Nachdem der Sohn einer Künstlerfamilie bei seinem Vater Michele die Kunst der Malerei und Freskenmalerei erlernt hat, wendet sich Alberti zunächst dem Kupferstich zu, zuerst als Radierung, später mit dem Grabstichel. Sein Stil ist beeinflusst von Agostino Carracci und vor allem von Cornelis Cort, bei dem er vermutlich zusammen mit Carracci in Rom gelernt hat. Die meisten seiner über 200 bekannten Kupferstiche entstehen zwischen 1568 und 1612 nach Vorbildern wie Michelangelo und Raffael, einige auch nach eigenen Motiven. Letztere sind vor allem Reproduktionen antiker Skulpturen, aber auch Szenen aus dem Alten und Neuen Testamentes sowie mythologische und allegorische Darstellungen. Cherubino Alberti signiert oft mit dem Kürzel CAB (Cherubinus Albertus Burgensis).
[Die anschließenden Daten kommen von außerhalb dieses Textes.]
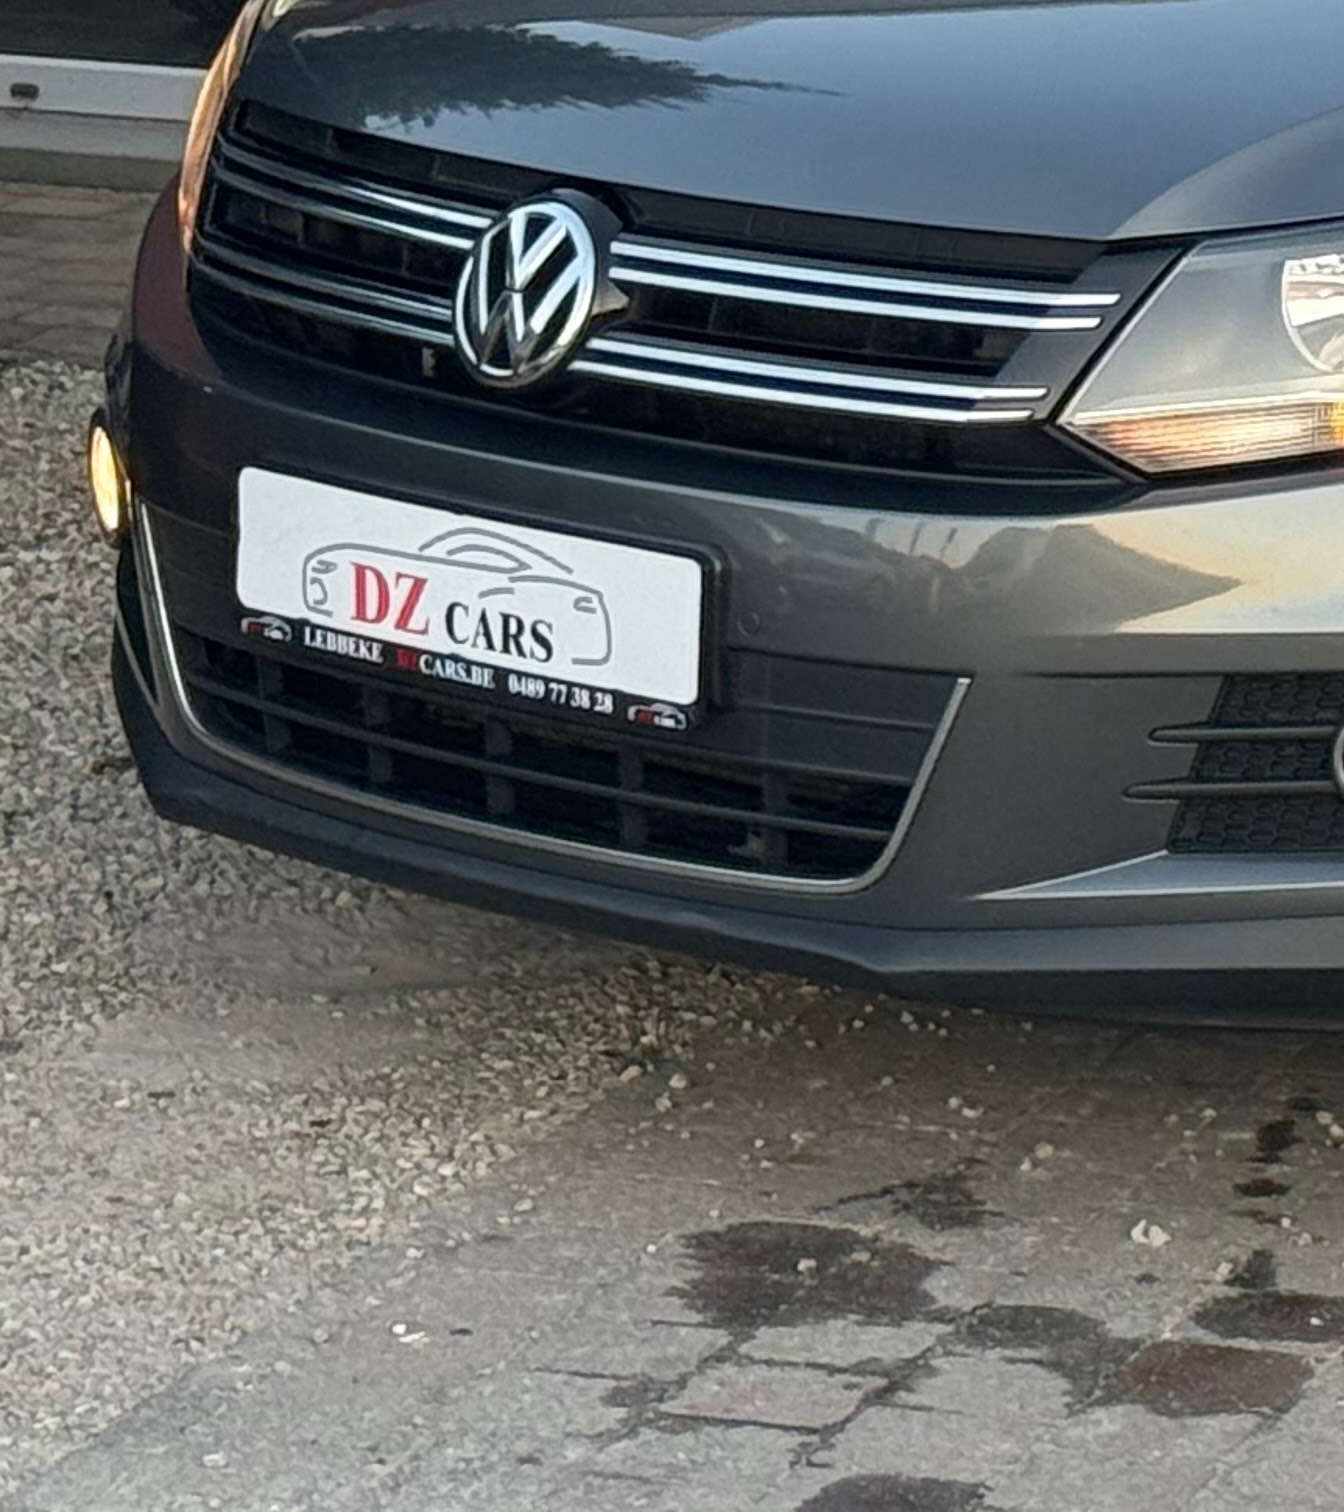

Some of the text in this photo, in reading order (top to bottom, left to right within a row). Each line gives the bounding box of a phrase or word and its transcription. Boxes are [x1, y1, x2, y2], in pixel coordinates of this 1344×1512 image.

[303, 626, 385, 664] LEBBEKE
[349, 561, 431, 636] DZ
[444, 600, 555, 663] CARS
Seine Arbeiten zeichnen sich durch ihre Präzision und Eleganz aus und weisen ein fein nuanciertes Hell-Dunkel auf.
In den 1580er Jahren wendet sich Cherubino Alberti wieder schwerpunktmäßig der Freskenmalerei zu. Seine früheren Arbeiten, die oft zusammen mit dem Vater und den zwei Brüdern Alessandro und Giovanni ausgeführt werden, sind heute teilweise nicht mehr bekannt oder nur aus Verträgen nachweisbar. Am bekanntesten sind seine Gewölbe- und Wandfresken der Sala Clementina im Vatikan, die er 1598 nach dreijähriger Arbeit mit seinem Bruder Giovanni vollendet hat. Thema sind die "Storie della vita di S. Clemente I Papa". Während der Ausführung dieser Fresken wird Cherubino Alberti 1598 wegen Mordes in Abwesenheit zum Tode verurteilt, erhält jedoch einen päpstlichen Schutzbrief über sechs Monate, um seine Arbeit fortsetzen zu können. Später wird ihm völlige Straffreiheit gewährt. Am Ende seines Lebens widmet sich Cherubino Alberti der Konstruktion von Kriegsgeräten und scheint nicht mehr künstlerisch tätig gewesen zu sein.
Von 1611 bis 1614 ist Alberti Leiter der Accademia di San Luca in Rom, einer Künstlervereinigung, bei deren Gründung 1593 er aktiv mitgewirkt hat.
Cherubino Alberti stirbt, wohl schwer krank, am 18. Oktober 1615 in Rom und wird im Familiengrab in der Chiesa di Santa Maria del Popolo in Rom beigesetzt. Schon zu Lebzeiten wird Alberti vom Papst in die Nobili Romani aufgenommen und mit dem Titel eines Ritters der Lilie und des goldenen Sporns geehrt. Außerdem erhält er das Recht, das Goldgitter des Wappens von Papst Aldobrandini in das eigene Familienwappen aufzunehmen.